Respondent’s failure to answer the Complaint raises a presumption that Respondent has no rights or legitimate interests in the <premarincream.com> domain name. See BIC Deutschland GmbH & Co. KG v. Paul Tweed, WIPO Case No. D2000-0418 (June 20, 2000) (“By not submitting a response Respondent has failed to invoke any circumstance which could demonstrate, pursuant to paragraph 4(c) of the Policy, any rights or legitimate interests in the domain names.”); see also American Express Company v Fang Suhendro aka American Express Indonesia, , FA 129120 (National Arbitration Forum, December 30, 2002) (“[B]ased on Respondent’s failure to respond, it is presumed that Respondent lacks all rights and legitimate interests in the disputed domain name.”)
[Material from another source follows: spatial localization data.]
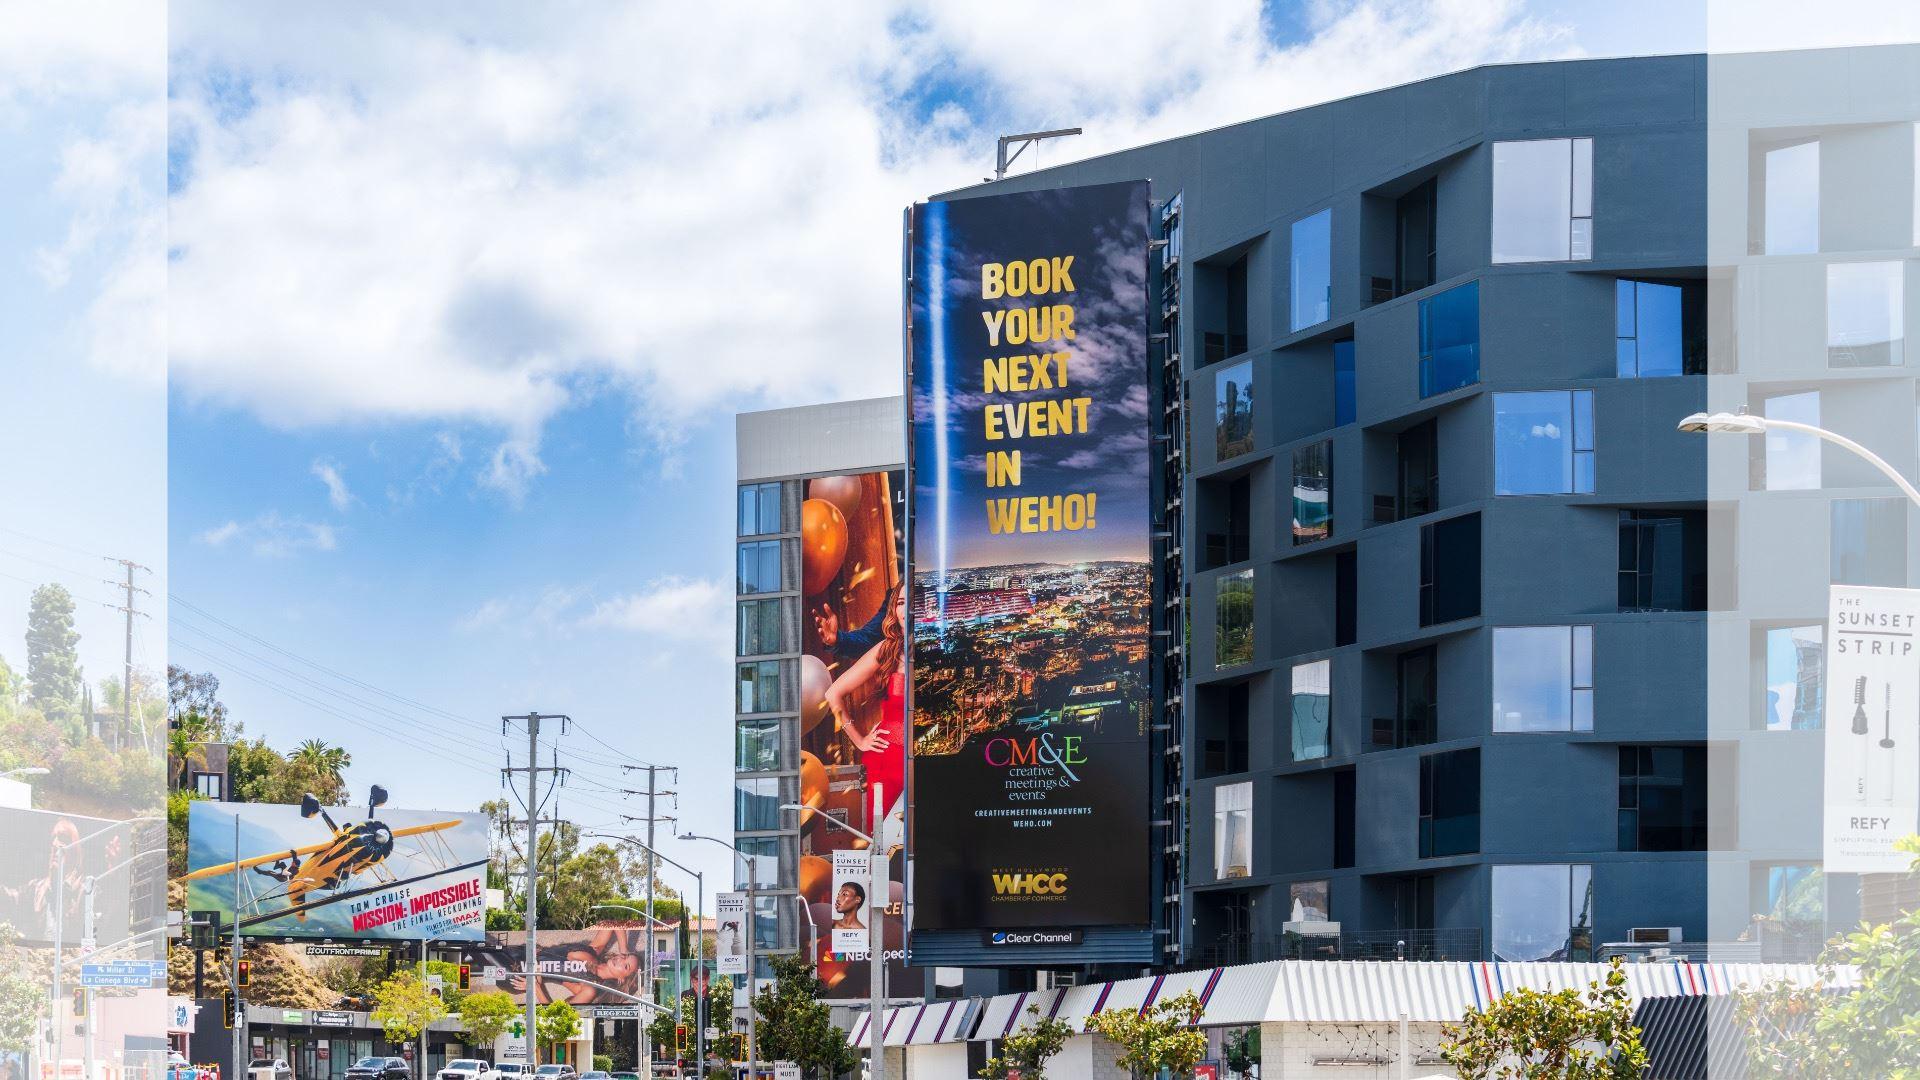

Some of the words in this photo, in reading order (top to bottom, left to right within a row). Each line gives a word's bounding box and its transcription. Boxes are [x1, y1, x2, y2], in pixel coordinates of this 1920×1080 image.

[982, 256, 1075, 300] BOOK
[982, 305, 1076, 347] YOUR
[984, 352, 1071, 394] NEXT
[985, 398, 1092, 440] EVENT
[986, 450, 1021, 488] IN
[986, 492, 1097, 535] WEHO!
[1838, 598, 1861, 606] THE
[1838, 611, 1915, 628] SUNSET
[1838, 638, 1913, 656] STRIP
[984, 732, 1088, 782] CM&E
[1009, 764, 1055, 777] creative
[1005, 776, 1058, 791] meetings
[1058, 775, 1071, 788] &
[1008, 790, 1047, 801] events
[974, 807, 1093, 818] CREATIVEMEETINGSANDEVENTS
[1013, 820, 1053, 828] WEHO.COM
[1850, 816, 1891, 830] REFY
[992, 873, 1068, 895] WHCC
[351, 899, 370, 913] TOM
[375, 888, 411, 906] CRUISE
[352, 901, 408, 934] MISSION:
[409, 878, 480, 916] IMPOSSIBLE
[392, 920, 406, 932] THE
[411, 911, 433, 926] FINAL
[437, 897, 482, 917] RECKONING
[452, 910, 480, 924] IMAX
[1006, 933, 1032, 943] Clear
[1033, 932, 1072, 942] Channel
[306, 946, 380, 956] #OUTFRONTPRIME
[106, 966, 126, 974] Miller
[128, 966, 136, 974] Dr
[563, 960, 588, 973] FOX
[94, 976, 121, 985] Cienega
[123, 976, 139, 984] Blvd
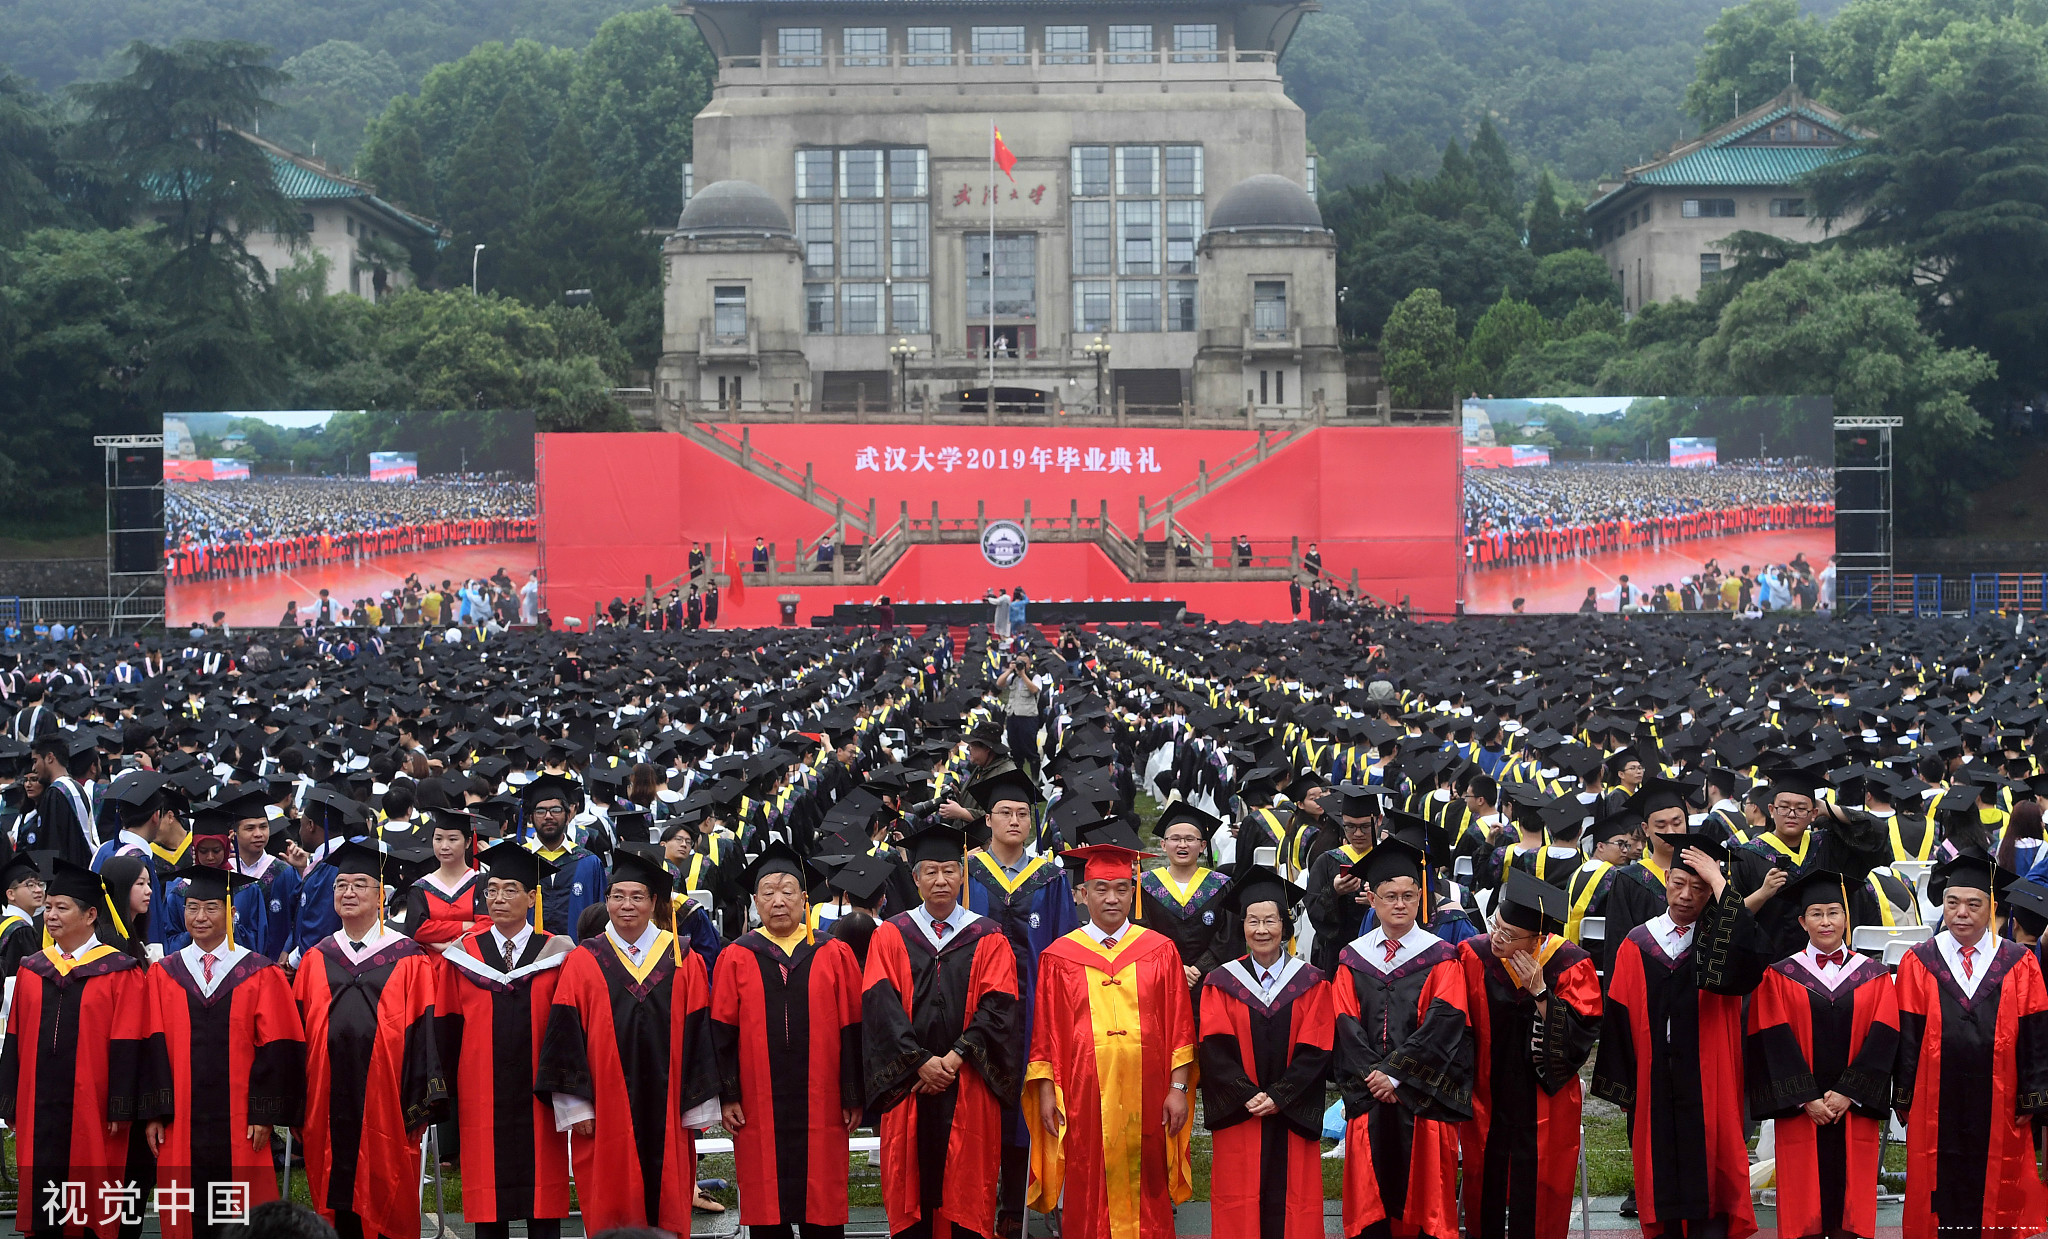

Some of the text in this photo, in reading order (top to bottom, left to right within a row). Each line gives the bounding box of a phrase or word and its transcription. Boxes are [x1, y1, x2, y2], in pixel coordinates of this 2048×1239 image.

[854, 445, 1162, 474] 武汉大学2019年毕业典礼
There is no evidence in the record to suggest that Respondent is commonly known by the <premarincream.com> domain name. Thus, Respondent has not established rights or legitimate interests in the disputed domain name pursuant to Policy, paragraph 4(c)(ii). See America Online, Inc. v. World Photo Video & Imaging Corp., FA 109031 (National Arbitration Forum, May 13, 2002) (finding that the respondent was not commonly known by <aolcamera.com> or <aolcameras.com> because the respondent was doing business as “Sunset Camera” and “World Photo Video & Imaging Corp.”); see also America West Airlines, Inc. v. Ilyoup Paik aka David Sanders, FA 206396 (National Arbitration Forum, December 22, 2003) (“Respondent has registered the domain name under the name ‘Ilyoup Paik a/k/a David Sanders.’ Given the WHOIS domain name registration information, Respondent is not commonly known by the [<awvacations.com>] domain name.”)

Moreover, Respondent is using the <premarincream.com> domain name, which is confusingly similar to Complainant’s PREMARIN mark, to divert Internet users to a website which illegally fills prescriptions for Complainant’s PREMARIN products, originating outside Canada, through pharmacies in Canada. Use of the disputed domain name for commercial gain by misdirecting Internet users to unrelated third-party websites does not constitute a bona fide offering of goods or services pursuant to Policy, paragraph 4(c)(i), or a legitimate noncommercial or fair use of the domain name pursuant to Policy, paragraph 4(c)(iii). See Golden Bear International, Inc. v. Kangdeock-ho, FA 190644 (National Arbitration Forum, October 17, 2003) (“Respondent’s use of a domain name confusingly similar to Complainant’s mark to divert Internet users to websites unrelated to Complainant’s business does not represent a bona fide offering of goods or services under Policy, paragraph 4(c)(i) or a legitimate noncommercial or fair use under Policy, paragraph 4(c)(iii).”).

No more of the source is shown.